The enemy is at work to always rob our peace and rest in Christ.  Sometimes our longsuffering is brought about through a lot of prayer and tongue biting.  The flesh, emotions and feelings are often hard to contain and maintain.  Isn’t it wonderful that we get so many opportunities to practice?  Most all of us struggle in these areas, but we must always be reminded that our position is that of the servant and putting others before ourselves.  It is often these surface issues of impatience that cause us to miss the deeper needs of people and how God would have us to minister to them.  We always have to remind ourselves that God’s business is our priority and not our own.  Sometimes I think God puts obstacles in our way to force us to slow down.  I’m convicted that I don’t want to become and be like God’s people of old, “For this people’s heart is waxed gross, and [their] ears are dull of hearing, and their eyes they have closed; lest at any time they should see with [their] eyes, and hear with [their] ears, and should understand with [their] heart, and should be converted, and I should heal them (Matthew 13:15).”  Where would you and I be today without the longsuffering of our Father?  We wouldn’t even exist.    

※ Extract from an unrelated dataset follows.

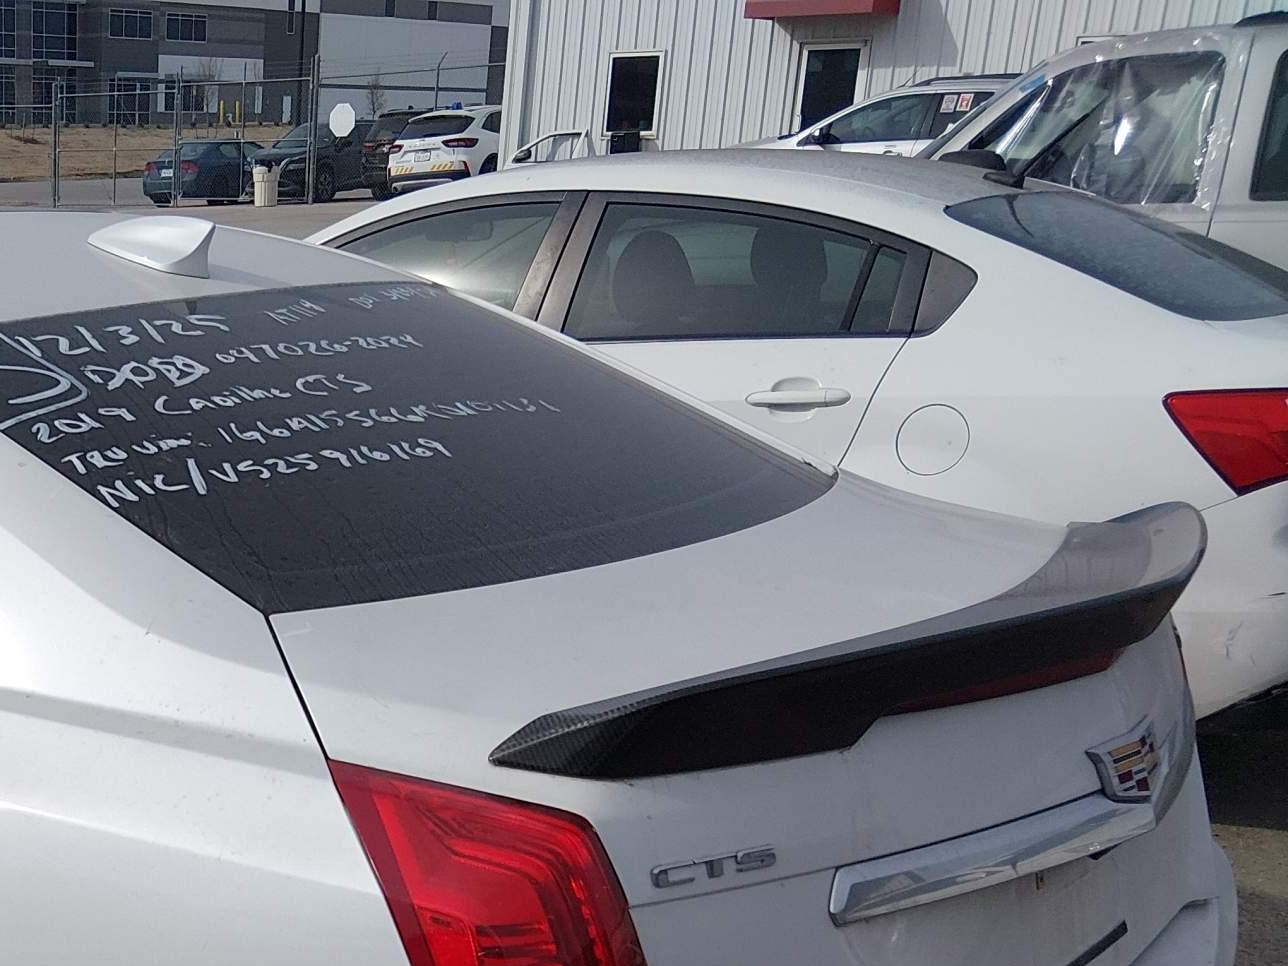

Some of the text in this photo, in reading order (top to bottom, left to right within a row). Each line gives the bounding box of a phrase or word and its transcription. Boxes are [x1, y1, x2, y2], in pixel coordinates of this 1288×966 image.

Sometimes the one I get most impatient with is myself, for all the stupid mistakes I make and all of the things I forget, but then, if it does nothing else, it should serve to give me patience and longsuffering with others; being as forbearing with them as I must be with myself.  As the Australian’s say, “ No worries mate.”  Let’s slow done and be aware of how God wants to move in us and though us, even in those often frustrating times and events that touch our lives.  We are learning to be His expression and that can only come through longsuffering and patience.